Monday, March 21st, 2011
I’ve been shunning exact measurements recently.
With all that’s going on in the world, I seem to find refuge in the simple flow of following ingredients into their recipe – I say “their recipe” because I’ve just been letting them take over. Maybe this is a bit off the wall, but I almost feel like a writer when I’m cooking, and my vegetables are my characters. Any novelist will tell you the characters they create eventually take over the story, lead it wherever they please. I feel like cooking is exactly the same. Yes, I usually rely on recipes (at least to start with) when I attempt baking – I imagine this particular arena filled with a basket of already-tried and tested proofs that are hard for me to compete with. Anything else, though, is fair game and the ingredients (from what just happens to be in the fridge, to what just happens to jump into the pot) dictate.
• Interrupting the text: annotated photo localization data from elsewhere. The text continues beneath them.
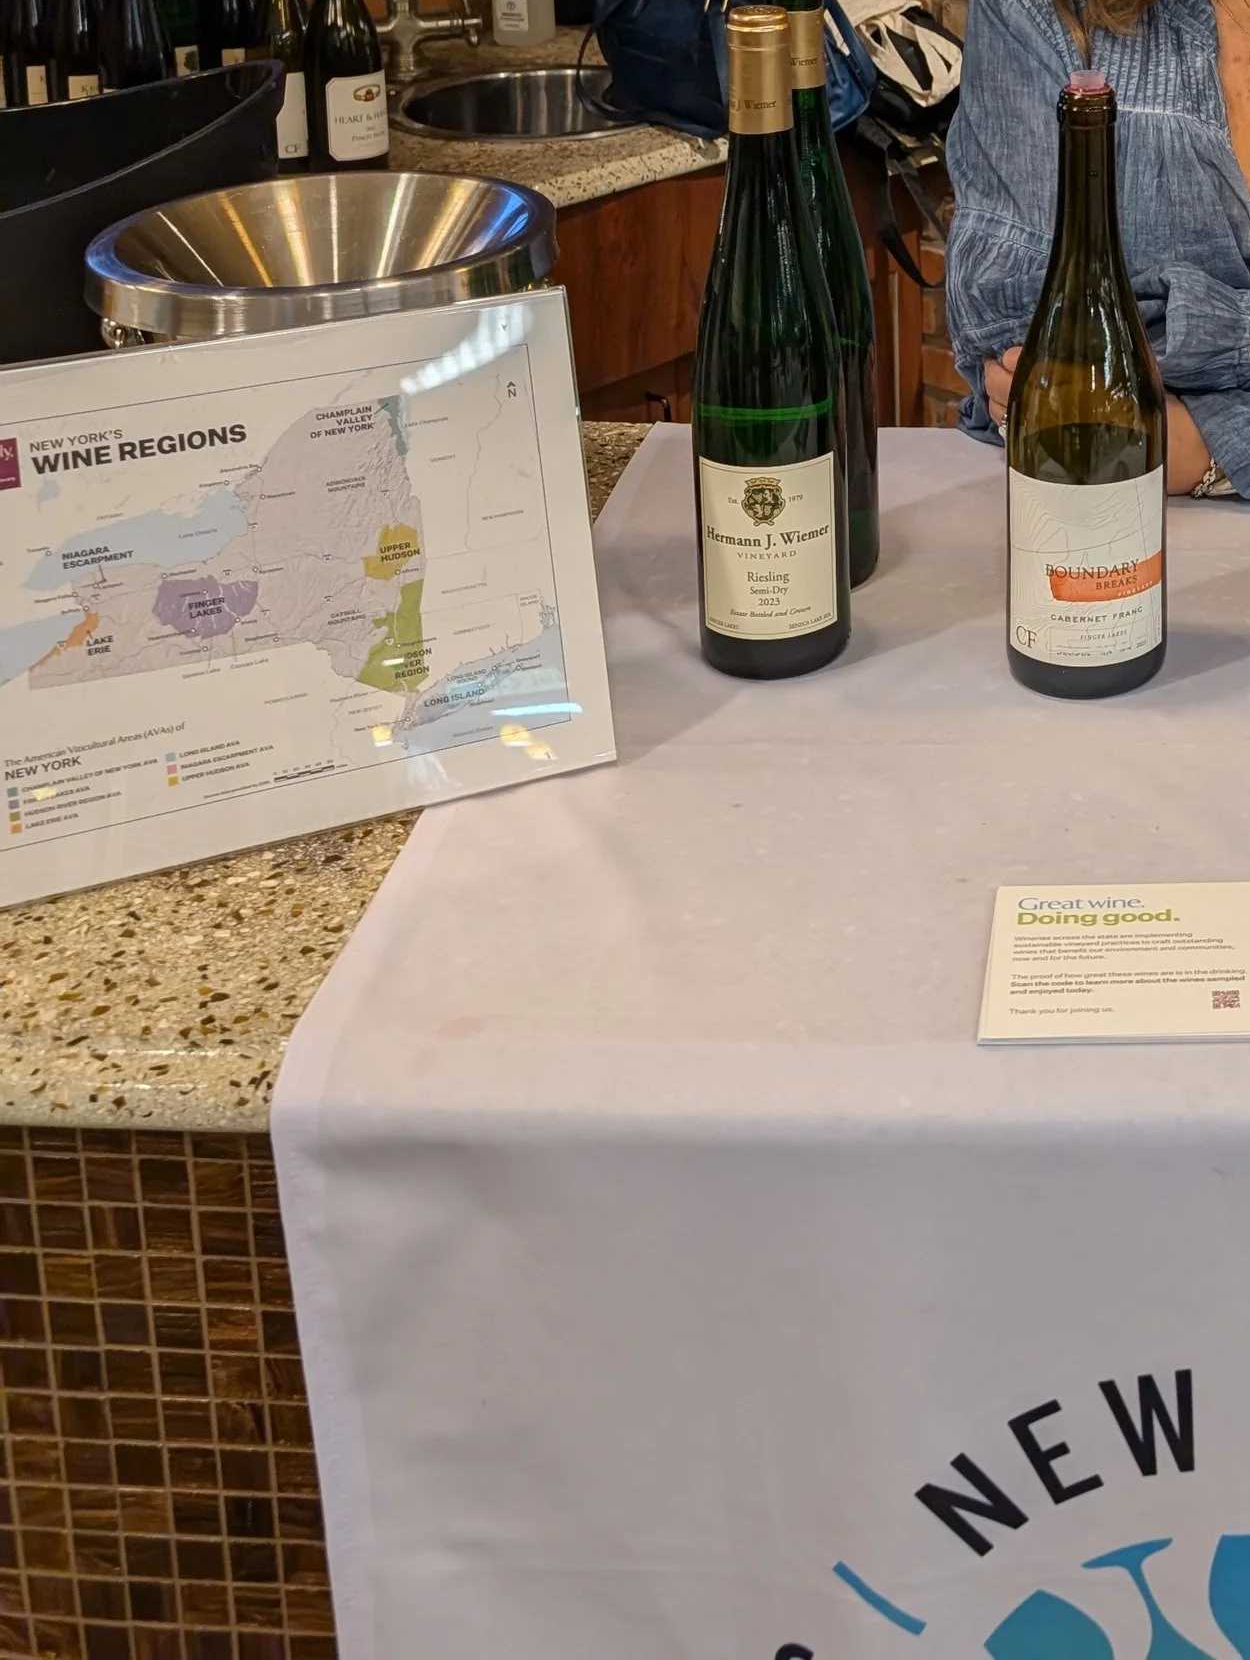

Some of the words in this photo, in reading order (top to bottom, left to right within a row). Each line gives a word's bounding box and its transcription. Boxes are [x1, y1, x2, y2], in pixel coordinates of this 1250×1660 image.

[315, 406, 372, 421] CHAMPLAIN
[335, 413, 372, 426] VALLEY
[309, 429, 322, 438] OF
[324, 425, 346, 436] NEW
[347, 421, 373, 432] YORK
[29, 436, 64, 453] NEW
[66, 429, 123, 446] YORK'S
[31, 444, 112, 475] WINE
[118, 422, 246, 462] REGIONS
[788, 494, 803, 503] 1979
[706, 525, 761, 547] Hermann
[765, 536, 777, 550] J.
[780, 525, 830, 546] Wiemer
[62, 544, 110, 558] NIAGARA
[379, 542, 410, 554] UPPER
[380, 548, 420, 562] HUDSON
[737, 550, 797, 560] VINEYARD
[62, 549, 133, 570] ESCARPMENT
[1045, 558, 1139, 580] BOUNDARY
[747, 571, 790, 583] Riesling
[1095, 574, 1138, 591] BREAKS
[750, 586, 788, 595] Semi-Dry
[188, 597, 225, 611] FINGER
[758, 597, 780, 606] 2023
[190, 605, 222, 619] LAKES
[749, 610, 773, 618] Bottled
[774, 609, 787, 617] and
[1050, 614, 1107, 623] CABERNET
[1112, 606, 1143, 620] FRANC
[86, 634, 113, 648] LAKE
[1016, 625, 1037, 649] CF
[1107, 630, 1127, 639] LAKES
[87, 644, 111, 657] ERIE
[394, 664, 429, 679] REGION
[423, 694, 449, 707] LONG
[450, 687, 486, 700] ISLAND
[4, 764, 38, 780] NEW
[40, 755, 81, 772] YORK
[1017, 897, 1083, 910] Great
[1087, 896, 1144, 908] wine.
[1017, 910, 1097, 928] Doing
[1102, 908, 1180, 926] good.
[914, 1368, 1197, 1557] NEW
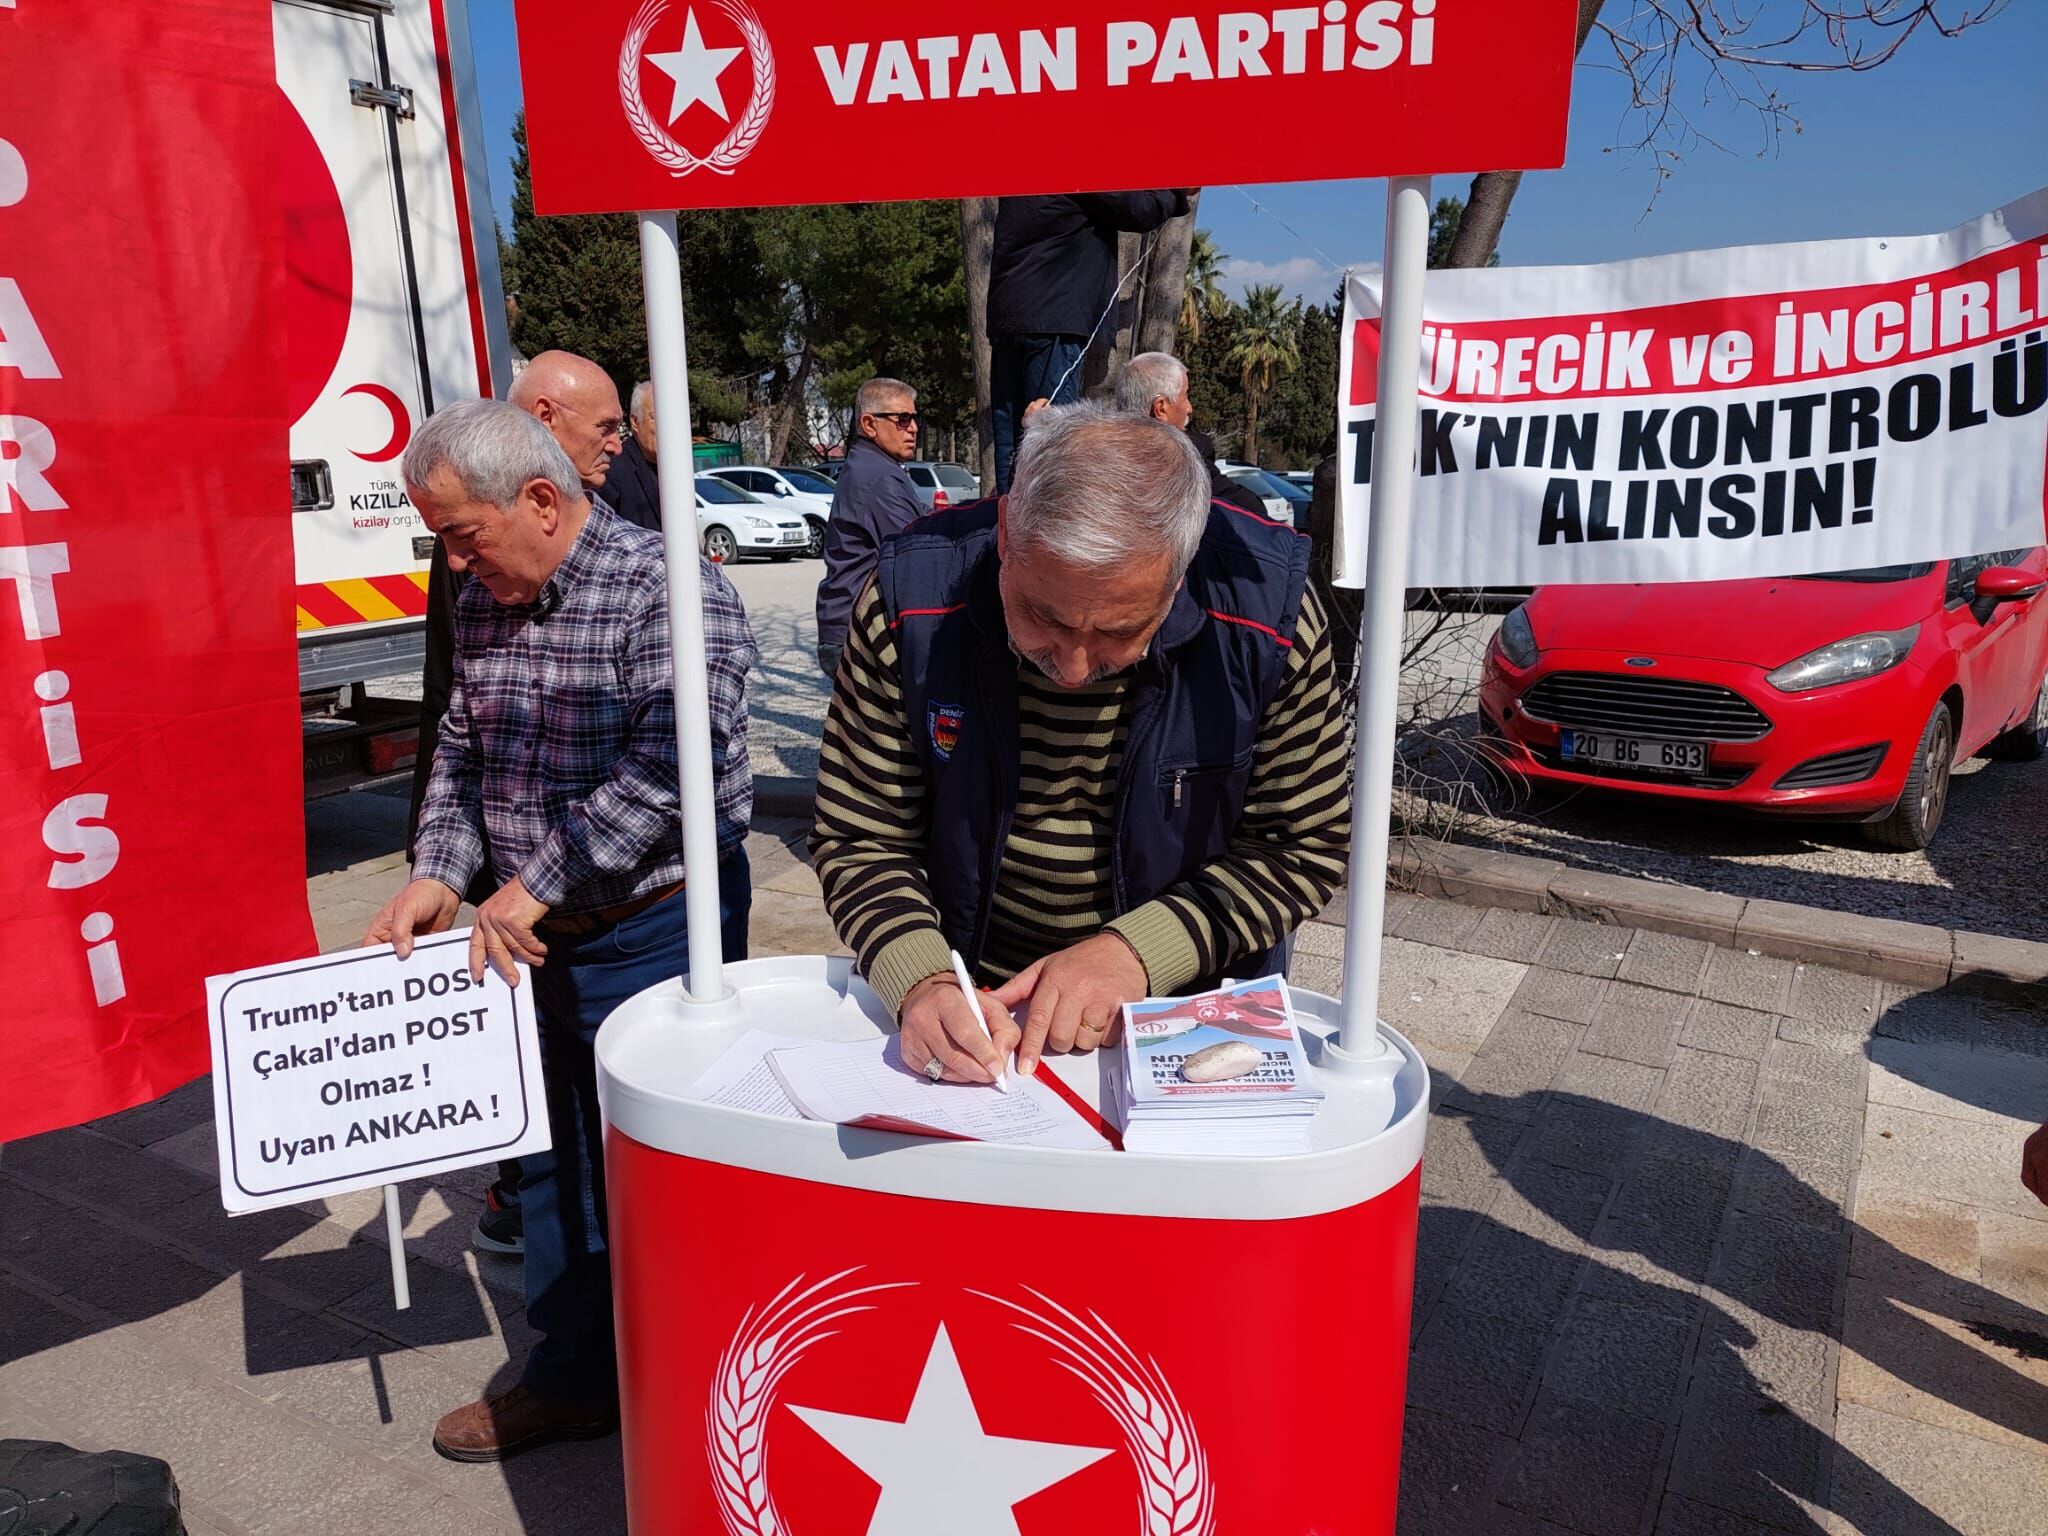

For me, cooking has two personalities: no stress or completely chaotic. Watch “Top Chef” (the current Monday night favorite chez nous) to witness an example of the latter. Come into our kitchen on a late (preferably sunny) Monday afternoon for the other side of the spectrum, when I let go of the first day of the workweek by creating my “zen zone.” Thanks to vegetable soup, cooking is like yoga – with wooden spoons. I just finished making a huge pot of my “soupe de grandmère” and feel like I’ve just done deep breathing and warrior pose. Unlike my marathon weekends when I plunge into crazy, time-consuming and ambitious culinary adventures (and we don’t eat until 9 or 10 o’clock!), late weekday afternoons are often reserved for kitchen Bikram.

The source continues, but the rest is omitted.